La moda ha capito che il mondo è cambiato?
Paloma Elsesser è una modella fuori dai canoni: ha 24 anni, origini sparse tra il Sudamerica e la Svizzera, è nata a Londra ma cresciuta a Los Angeles, è stata scoperta da un’agenzia a New York e oggi è tra le modelle plus size più famose al mondo. A 11 anni entrò in un camerino e vi uscì in lacrime perché non trovò un solo pantalone che entrasse nella sua taglia.
La moda vista in questi giorni alle sfilate della fashion week di Milano sembra essere rimasta rinchiusa in quel camerino. E poco importa se nel frattempo è scoppiata una pandemia che ha accelerato tutti i cambiamenti, compresi quelli che riguardano la bellezza inclusiva: non c’è traccia di Paloma sulle passerelle di Milano. Di più: su tutte le pedane degli stilisti italiani si vedono solo modelle della stessa taglia e con la stessa fisicità (alte, magre e filiformi) con una sola eccezione. È Jill Kortleve, modella olandese plus size, che però risulta come una mosca bianca, un rimedio frettoloso più che una scelta vera o una vera presa di posizione. E per trovare altri corpi, altre forme, bisogna guardare ai creativi giovanissimi, come i promettenti Act N.1 e Sunnei. Ma la moda, soprattutto quella dei grandi designer, non dovrebbe seguire e capire i cambiamenti e nel migliore dei casi anticiparli o provocarli? Perché allora oggi continua a indugiare in una bellezza così poco inclusiva?

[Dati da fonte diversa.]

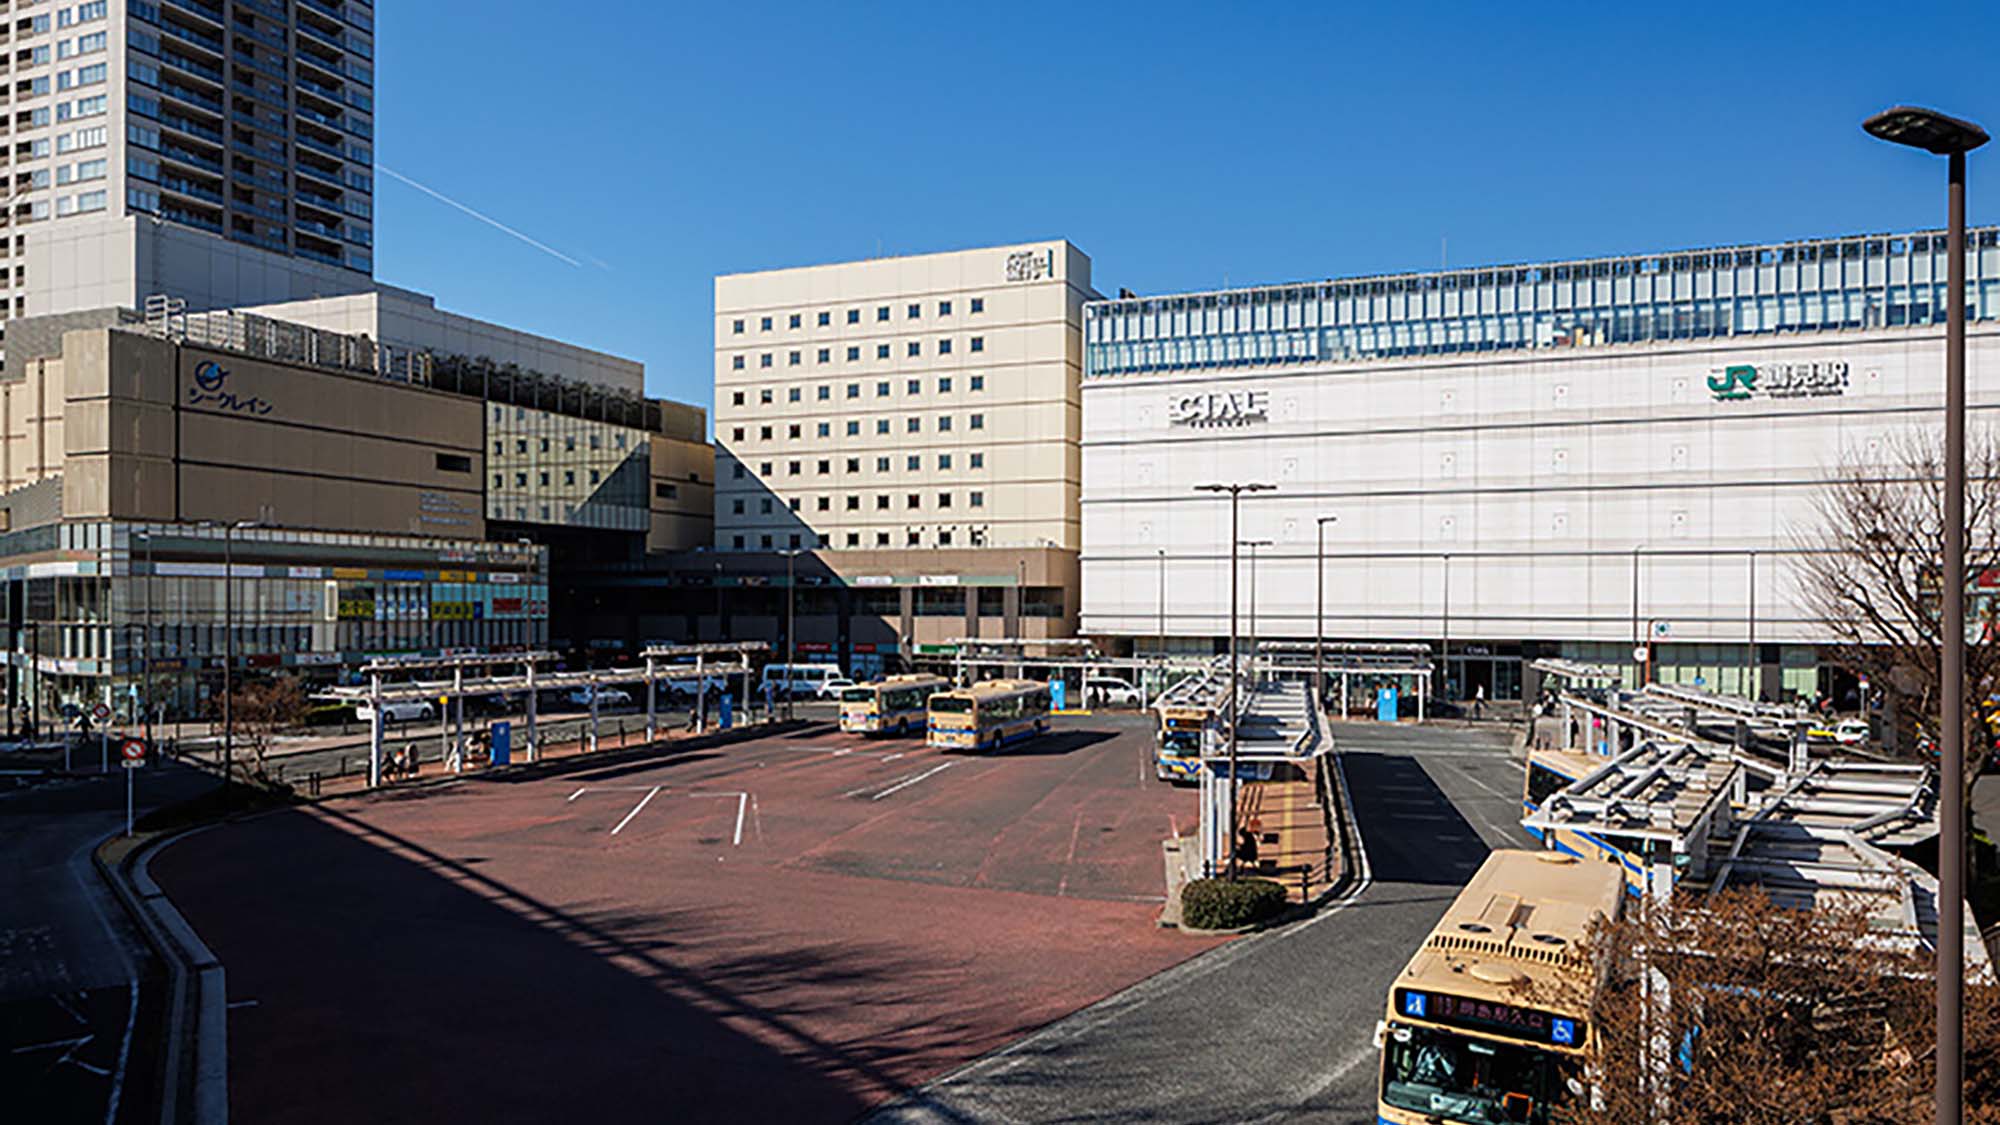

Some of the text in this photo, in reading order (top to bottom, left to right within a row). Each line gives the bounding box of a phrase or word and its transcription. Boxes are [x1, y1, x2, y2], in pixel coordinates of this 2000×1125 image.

La prima risposta è sicuramente il metodo. Esattamente come successo qualche anno fa, quando si pose il tema della presenza di BIPOC, ovvero di neri, indigeni e persone di colore in una parata di soli modelli e modelli bianchi, l’alzata di scudi fu silenziosa o unanime: ma perché, si chiesero in molti, bisogna catalogare la bellezza per il numero di bianchi, neri e asiatici? Oggi serpeggia la stessa domanda con l’ennesima scusa: non è una deriva del politically correct voler includere a tutti i costi tutte le forme dei corpi femminili? Non basta Jill Kortleve?
No, non basta. Per due motivi. Il primo è perché in un momento di rivoluzione (e noi ne stiamo vivendo uno davvero radicale) ogni estremizzazione è necessaria. Forse forzata, forse strumentale ma sicuramente necessaria. In molti, per esempio, ieri criticavano le quote rosa, ovvero la forzata presenza femminile in contesti in cui è stata storicamente negata. Le quote rosa, come l’inclusione di bellezza diversa e non conforme, sono un passaggio necessario per giungere a un mondo dove il problema della presenza femminile nella società non sarà più un problema. Esattamente come, si spera, succederà alla bellezza inclusiva.
In secondo luogo, invece, è importante che la moda cambi radicalmente punto di vista sulla bellezza dei corpi semplicemente perché la moda è uno degli strumenti di comunicazione e di apprendimento più potenti e pervasivi. Da una parte, infatti, gli abiti ci accompagnano nella vita e ci definiscono (per ruoli, scelte, sessualità, identità e individualità) come pochissimi altri beni sono in grado di fare. Dall’altra, la moda e il suo sistema di immagini e valori è uno dei mezzi che più ci può aiutare nel processo di emancipazione da un’idea di bellezza canonica e escludente a uno più universale, ampio e forse più umano.
Resta però un problema di metodo che, in realtà, potrebbe diventare un’occasione d’oro per l’intero sistema. A oggi i campionari delle collezioni (i modelli degli abiti) e persino i cartamodelli degli abiti (ovvero le strutture base dei vestiti, quelle che servono per organizzare la loro produzione) sono pensate in un’unica taglia che rispecchia quello che vediamo in passerella, ovvero modelle magre e filiformi. Non sarebbe invece il caso di modellare la creatività, fin dal principio, su corpi non conformi e stereotipati? Come sarebbe la moda se invece che su una modella magra, alta e filiforme fosse pensata su tutti i tipi di fisicità?
Sarebbe un cambiamento radicale, non facile, non breve ma forse molto, molto promettente. Qualcosa che forse sarebbe in grado di disinnescare un meccanismo obsoleto e polveroso per poi innescare un nuovo modo di guardare e di guardarci. La moda ha bisogno di questo cambiamento. Non solo perché il mondo è già cambiato, ma per riprendersi il posto che le spetta, ovvero quello di generatrice di cambiamenti. Altrimenti lo spazio in cui si troverà a muoversi sarà quello del camerino di Pamela a 11 anni.